During the duel Paris is cut and the poison disorientates him. Menelaus, however, does not take advantage of him; instead, they stop fighting and make peace between each other as a fog hides them from view. As the fog lifts, Agamemnon’s cheating is exposed. Hector challenges Agamemnon to a duel that will end the war—this time, to the death. Achilles takes up the challenge, fighting for Agamemnon, but agrees to fight not for Helen but for his own honor. Achilles easily succeeds in killing Hector. That night Helen, fearing for Paris’s safety, goes to the seer Cassandra and asks to know what she can do to protect Paris. Cassandra replies that her only choice is to give herself to the Greeks. Helen agrees, presenting herself in Agamemnon’s tent and offering a trade—her for the body of Hector. Agamemnon refuses, as he does not want his daughter’s death to be in vain, and chases her around the camp, but Paris arrives in time to save her, challenging Agamemnon for the safety of Troy. Achilles charges at him, but Paris seizes a bow and shoots Achilles in the heel, killing him.

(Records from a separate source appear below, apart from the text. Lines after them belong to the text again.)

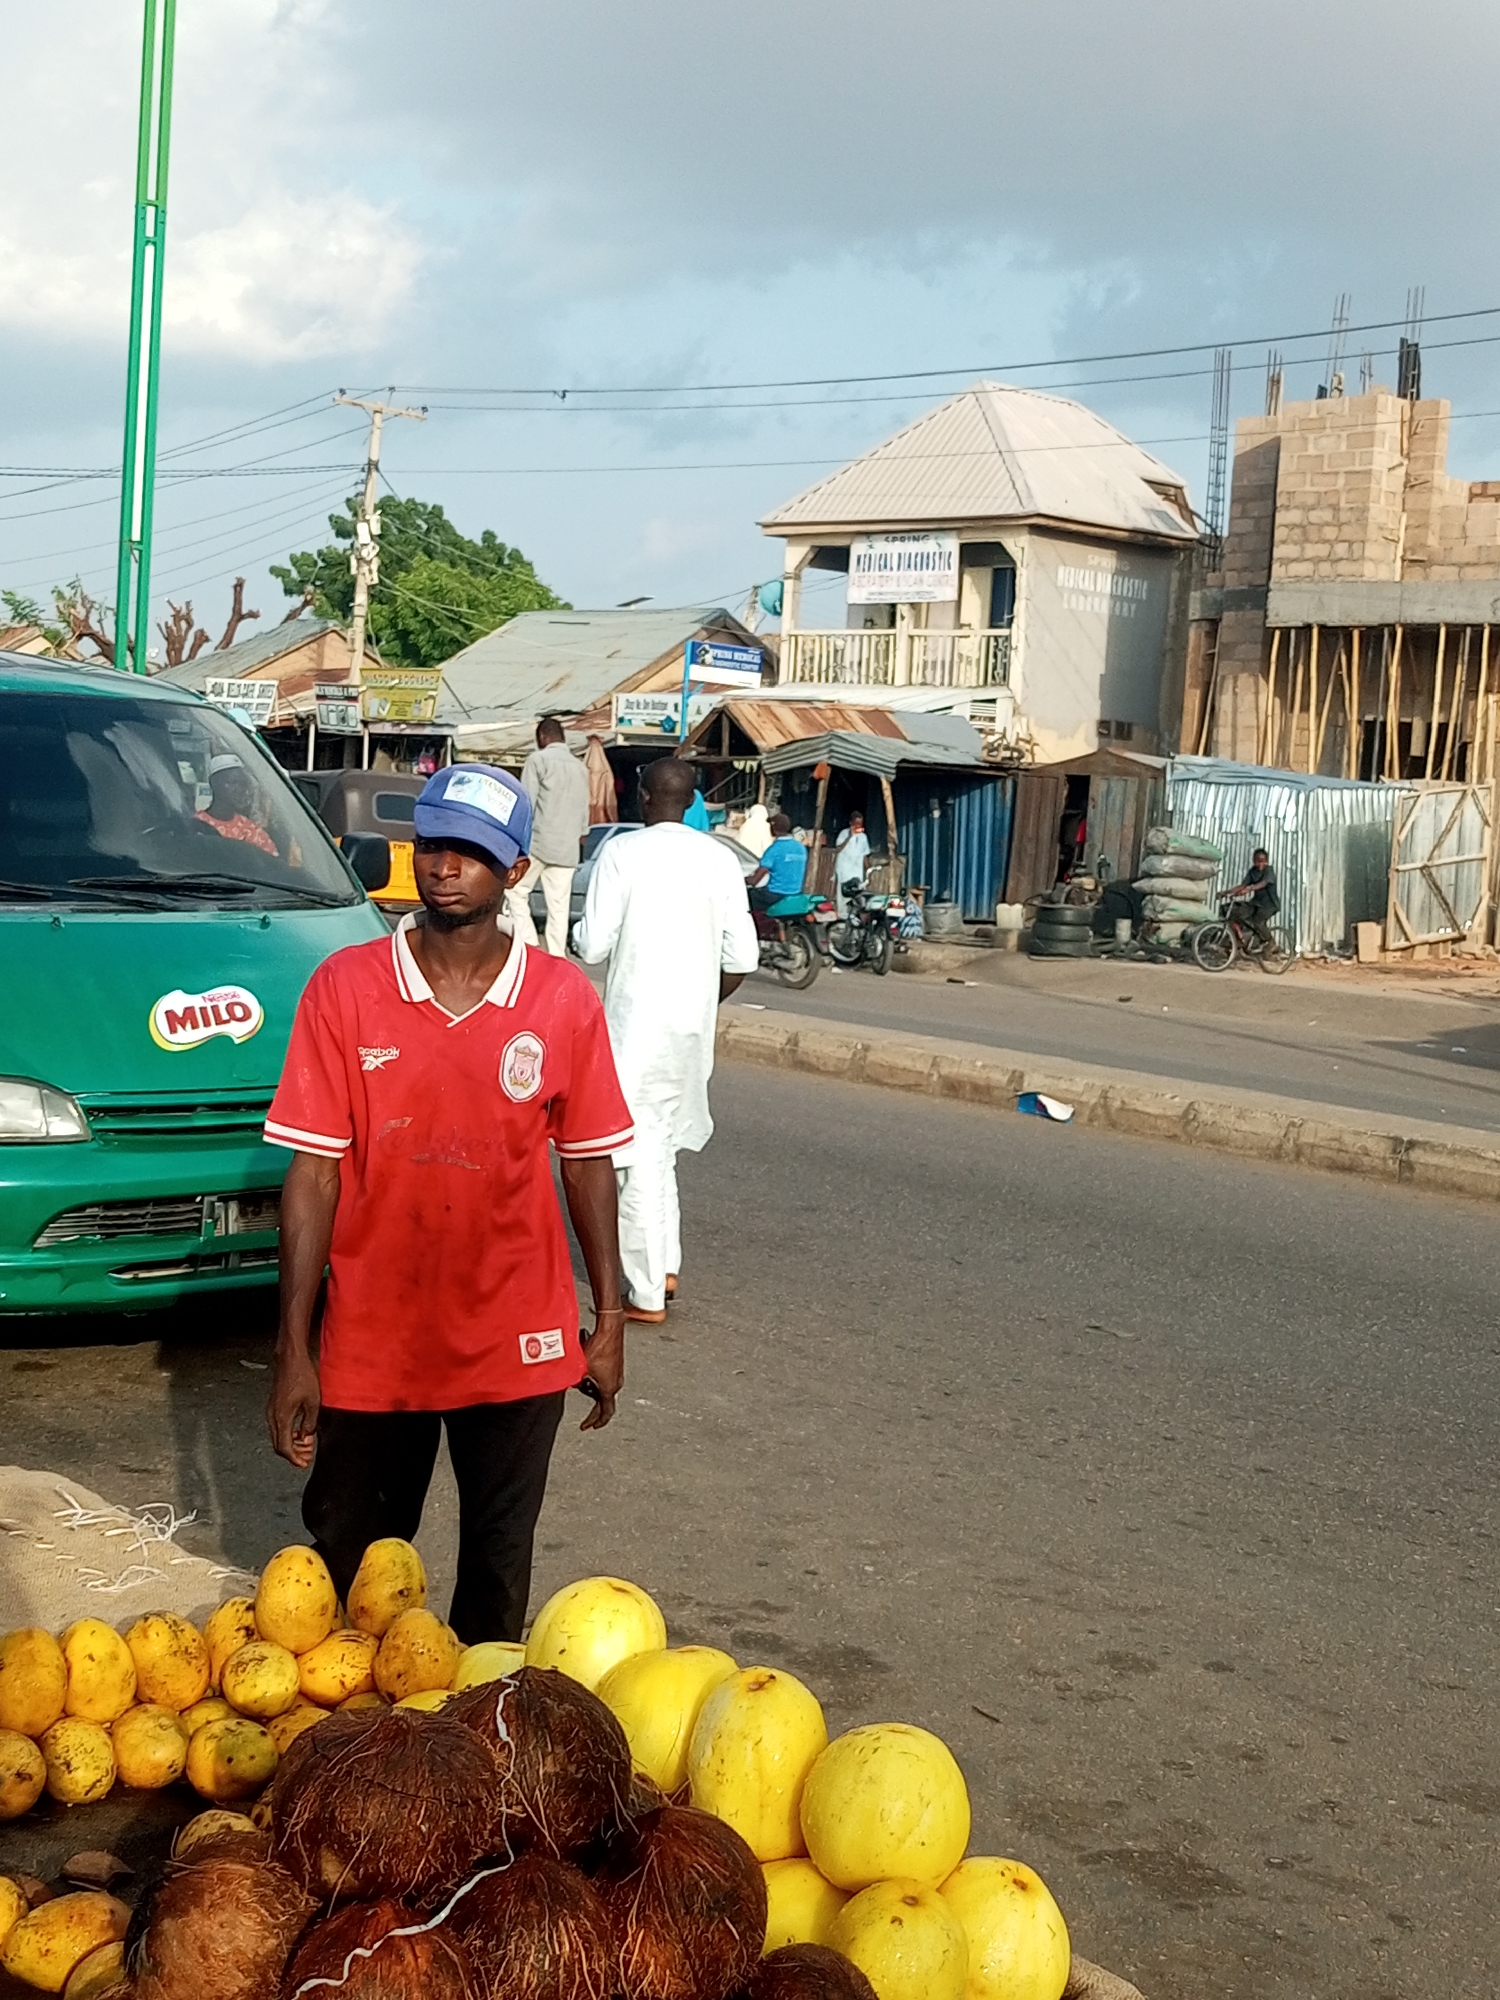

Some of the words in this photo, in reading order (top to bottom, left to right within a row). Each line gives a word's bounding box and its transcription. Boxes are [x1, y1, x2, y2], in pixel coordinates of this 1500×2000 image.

[855, 552, 894, 573] MEDICAL
[896, 550, 953, 572] DIAGNOSTIC
[1057, 565, 1095, 592] MEDICAL
[1096, 571, 1148, 601] DIAGNOSTIC
[164, 1001, 253, 1035] MILO

Afterwards the Greeks attack him, but he hides and is reunited with Helen. Shortly thereafter, Agamemnon finds him and stabs Paris in the chest after a quick duel. He dies in Helen’s arms, whispering the word, “goddess”. During Paris’ funeral, the Greeks are reported to have sailed away—leaving a massive wooden horse on the shore. It is taken into the city, and Troy celebrates late into the night. When they are all asleep, the Greeks come out and sack the city, slaying Priam and Hecuba. The great Agamemnon seats himself proudly on Troy’s throne as the new Emperor of the Aegean and Ruler of the World. Agamemnon has his men bring Helen to his throne and orders her to kneel at his feet. Agamemnon strokes Helen’s hair, then begins to rape her. Menelaus tries to stop him, but is held back by Agamemnon’s guards. He orders Agamemnon to leave his wife alone, but his brother pays no mind to his commands and continues to rape Helen. Odysseus is also shocked at Agamemnon’s act, but could do nothing.

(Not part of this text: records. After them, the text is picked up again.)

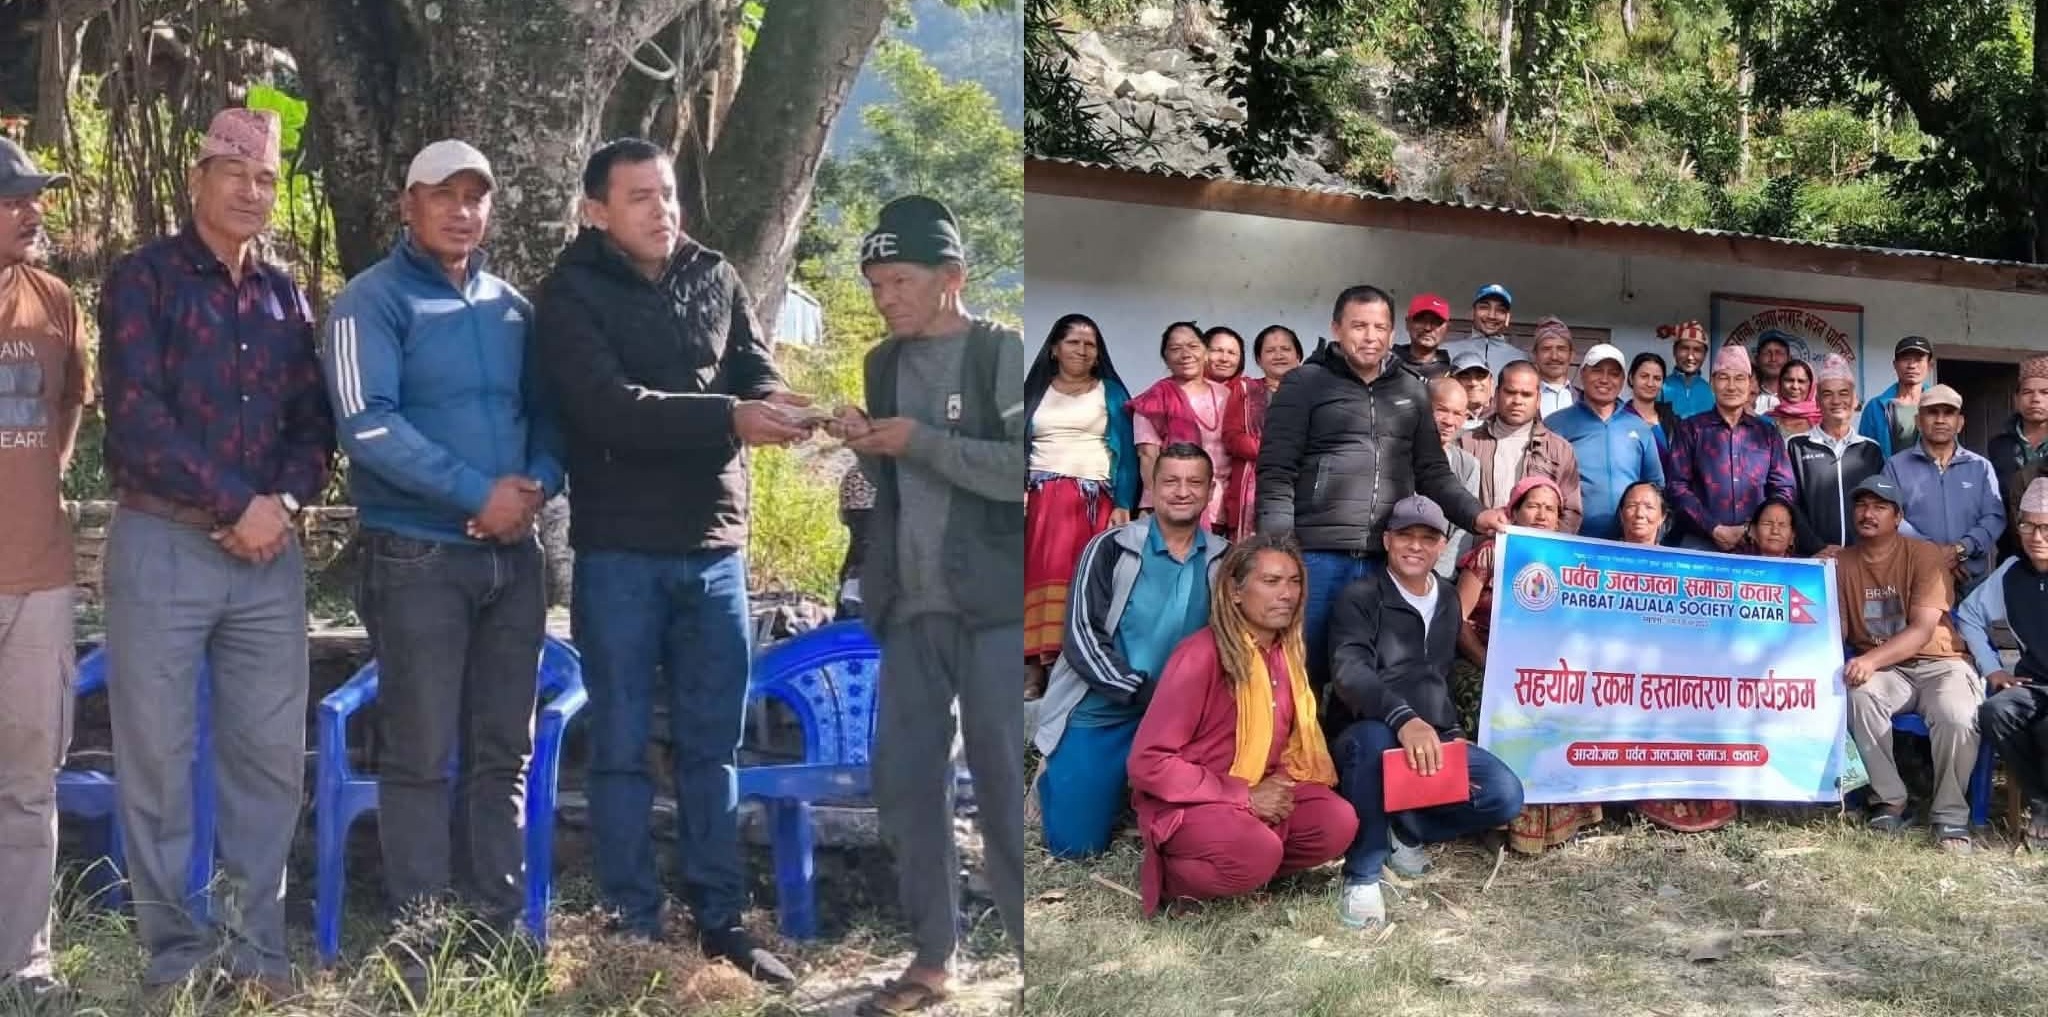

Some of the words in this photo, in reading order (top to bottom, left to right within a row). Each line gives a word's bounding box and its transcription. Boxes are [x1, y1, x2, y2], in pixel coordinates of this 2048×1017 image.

[1561, 562, 1599, 589] पर्वत
[1605, 571, 1678, 595] जलजला
[1684, 577, 1734, 600] समाज
[1739, 582, 1784, 604] कतार
[1561, 592, 1614, 609] PARBAT
[1619, 596, 1674, 613] JALJALA
[1680, 600, 1734, 617] SOCIETY
[1739, 605, 1784, 620] QATAR
[1514, 658, 1587, 707] सहयोग
[1592, 671, 1635, 707] रकम
[1640, 674, 1732, 711] हस्तान्तरण
[1737, 669, 1816, 711] कार्यक्रम
[1625, 745, 1647, 761] पर्वत
[1650, 749, 1693, 761] जलजला

The next morning, as the Greek soldiers ravage the ruins of Troy of its riches and its people as slaves, Clytemnestra arrives in the royal palace of Troy, where she ventures into the royal pool. There, she finds Agamemnon and Helen, both naked. Agamemnon relaxes in triumph, while Helen lies in a corner, not saying a word. Clytemnestra covers her sister with a robe and sends her away, leaving her (Clytemnestra) alone with Agamemnon. She tells him she comes for their daughter, Iphigenia. When Agamemnon replies that she is not here, Clytemnestra, having figured out herself, throws a net on her husband and stabs him to death. Helen wanders woefully through the ruined city, finally coming to the spot where Paris was slain. There, she sees an apparition of Paris and they embrace. Helen begs Paris to take her with him to the afterlife, and he tells her that he has prepared a place for her, but she must wait until it is her time. He disappears, and Menelaus crosses her path, sword in hand. Helen prepares for her punishment, but Menelaus can do nothing but feel sorry for her. Helen tells him she cannot love him, but she “will follow”. The two head back to the Greek ships, ready to live the rest of their lives as King and Queen of Sparta.